I am writing to consult you on the University's proposal to change our
name later this year.

Our experience of operating under our formal title of University of
Central England in Birmingham indicates that it is too long and unwieldy
to enable us to easily present both the University and its location in
Birmingham to the outside world. We believe that this disadvantages us
when engaging with prospective students (particularly in the national
and international markets) and with business partners and similarly
disadvantages our graduates upon completion of their studies. Our core
partners in the region have already indicated that they would welcome
the change.

Our preference, therefore, is to adopt a new title which is shorter and
puts our location in Birmingham at the forefront, representing the
social and economic dimensions of the University's mission and
supporting the City of Birmingham's own profile as a science city and
university city within a knowledge-based economy. We believe that this
will strengthen the value of our students' degrees and diplomas after
they graduate.

We are conscious that some students have expressed concerns about the
possible costs associated with changing our name. Let me assure you that
we are already planning ahead in order to keep expenditure to the
minimum and that the cost will be a fraction of one per cent of the
University's total budget for 2007/08 and considerably less than the new
Olympic logo!

The titles for which we would welcome your support and on which your
comments would be most welcome are:

Birmingham City University
Birmingham Chamberlain University
Birmingham Metropolitan University

We are consulting widely on this matter and your views will be
invaluable in enabling us to reach a decision and then apply to the
Privy Council for a change in the University name later this year.

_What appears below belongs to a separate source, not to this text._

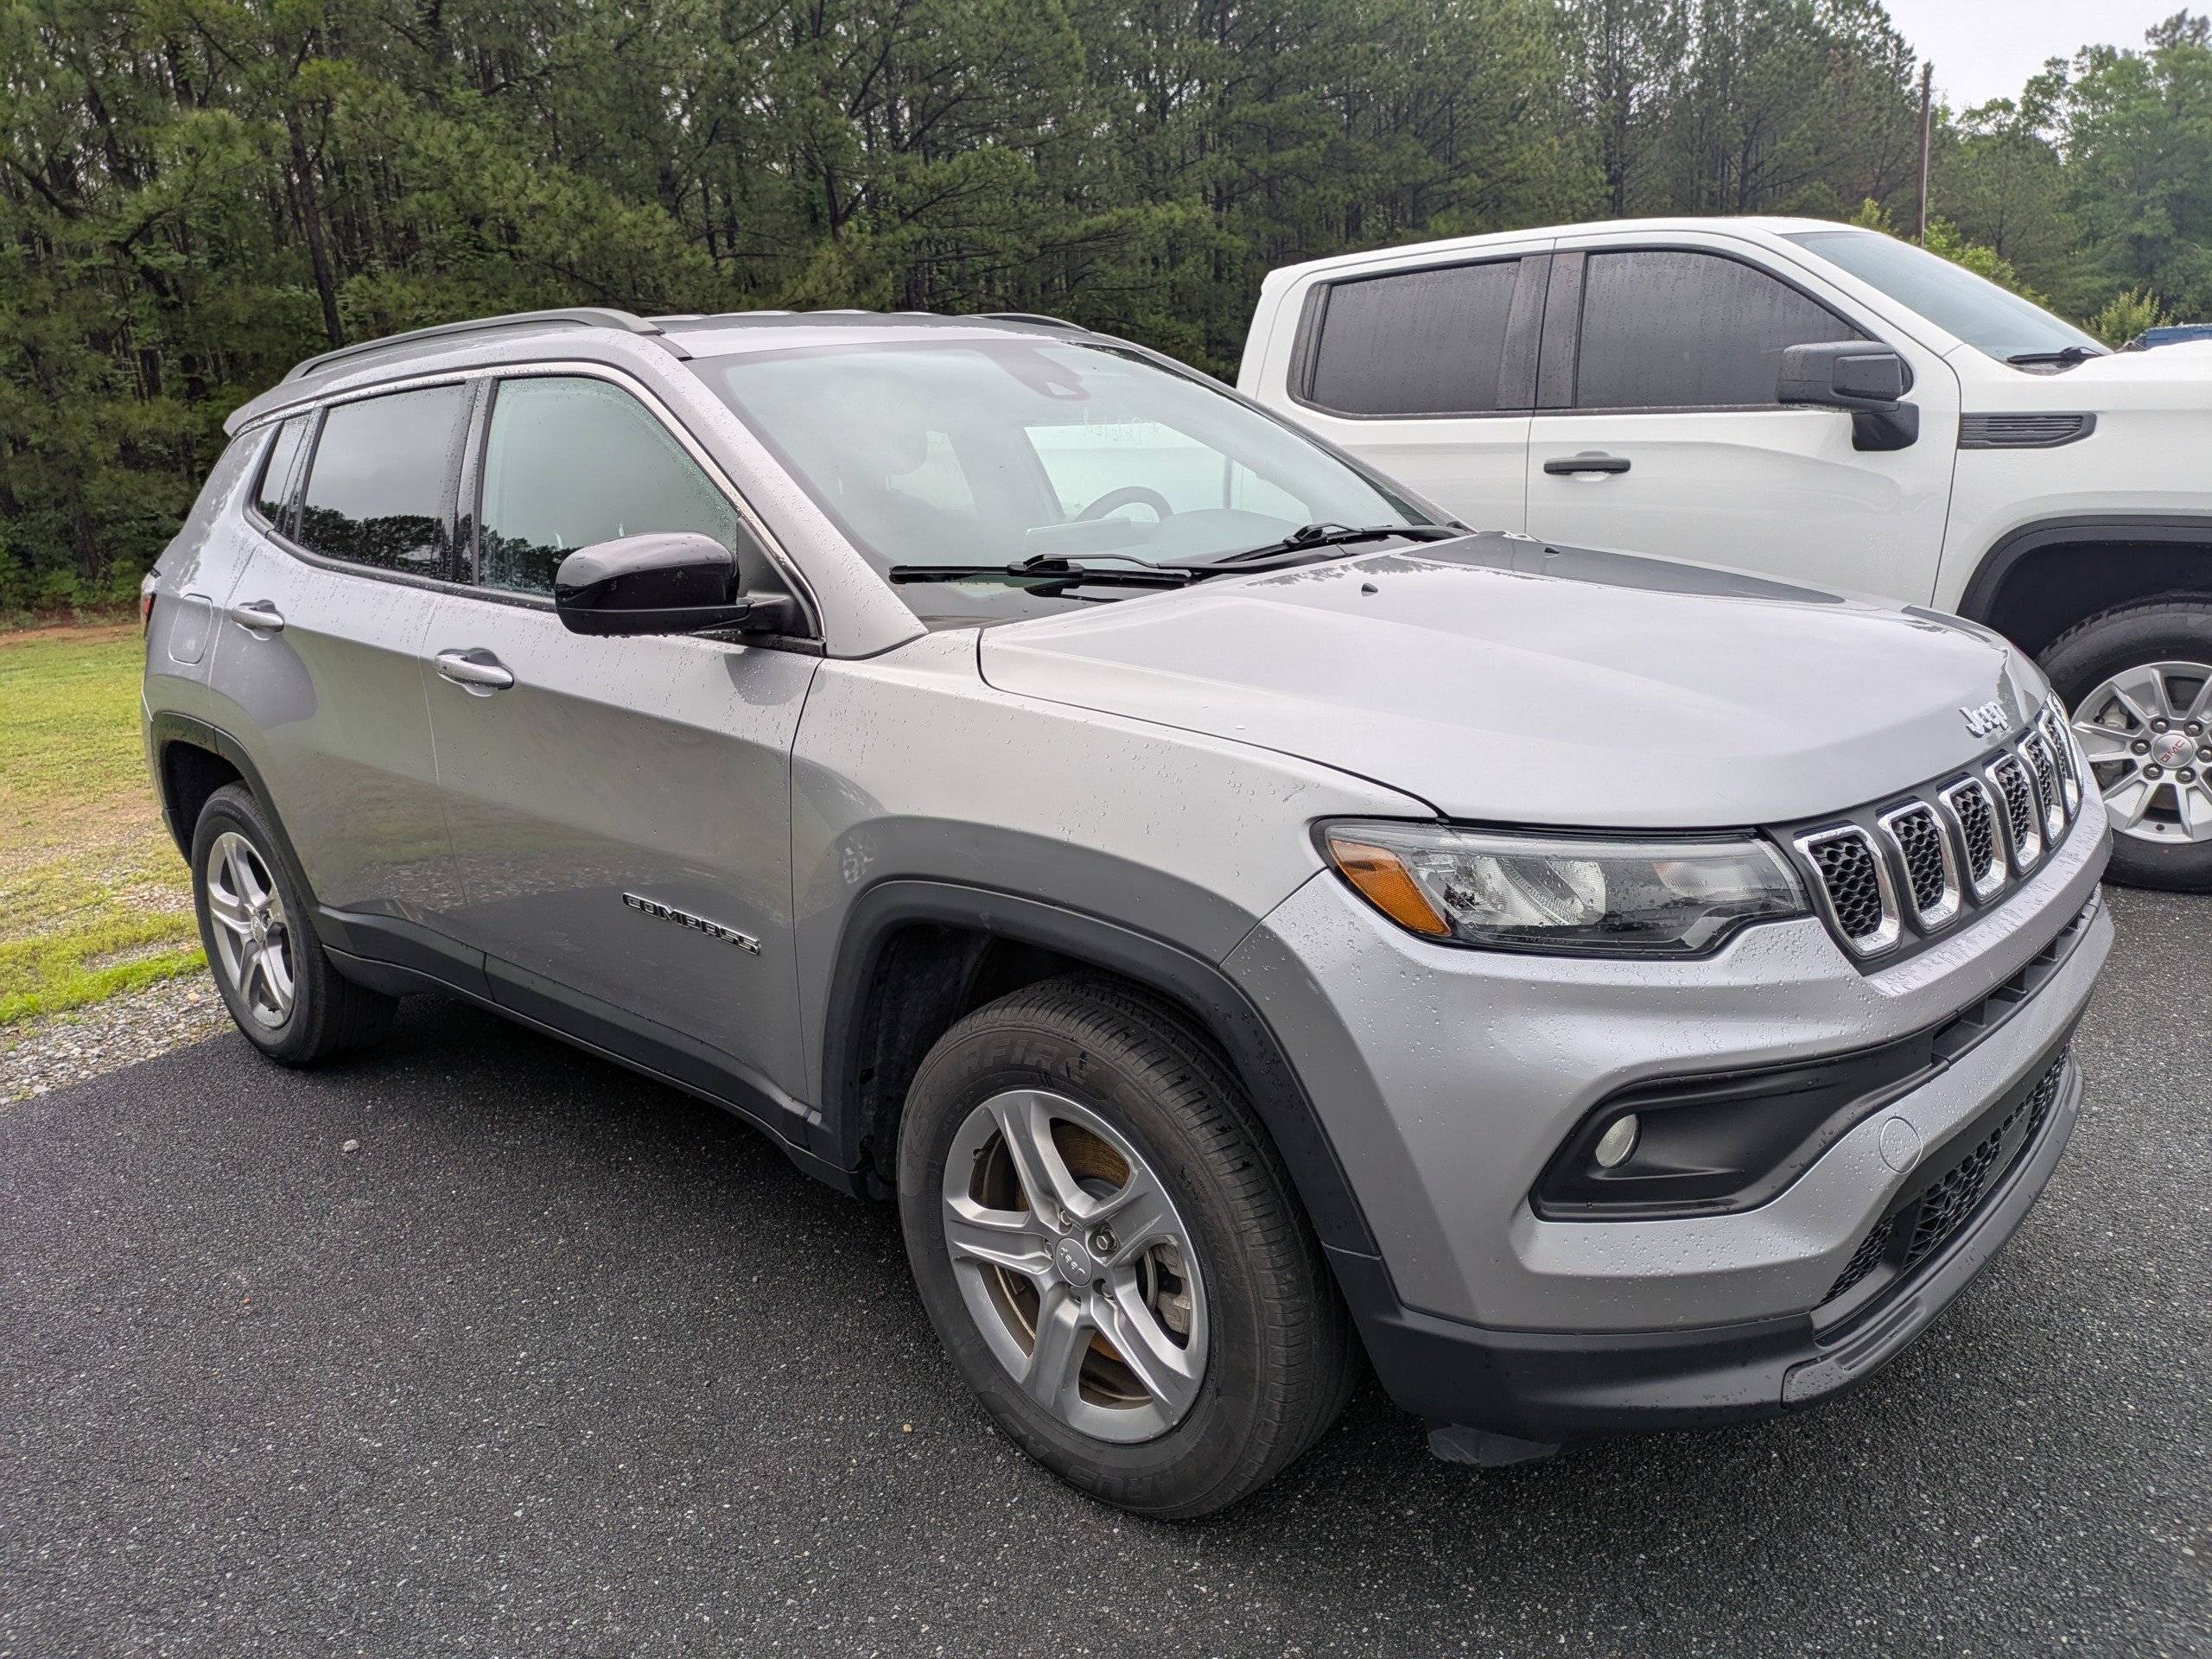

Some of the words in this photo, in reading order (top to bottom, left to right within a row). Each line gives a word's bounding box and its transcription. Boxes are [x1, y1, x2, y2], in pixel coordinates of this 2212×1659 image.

[1958, 702, 2008, 738] Jeep
[2160, 739, 2185, 763] GMC
[621, 892, 761, 955] COMPASS

I should be grateful to know whether you have any preferences among the
above names and if you have any objections.

We have created a special web-based survey to enable you to notify us of
your preferences, which can be accessed at
xxxxxxxx. The site will be available
until 19 July.

We look forward to hearing from you.

Yours sincerely


Professor David Tidmarsh
Vice-Chancellor
Looks like it has gone down to three possible names.





Let me assure you that
we are already planning ahead in order to keep expenditure to the
minimum and that the cost will be a fraction of one per cent of the
University's total budget for 2007/08 and considerably less than the new
Olympic logo!
Yeah, ok. You told us before it will cost over £2m to change the UCE name.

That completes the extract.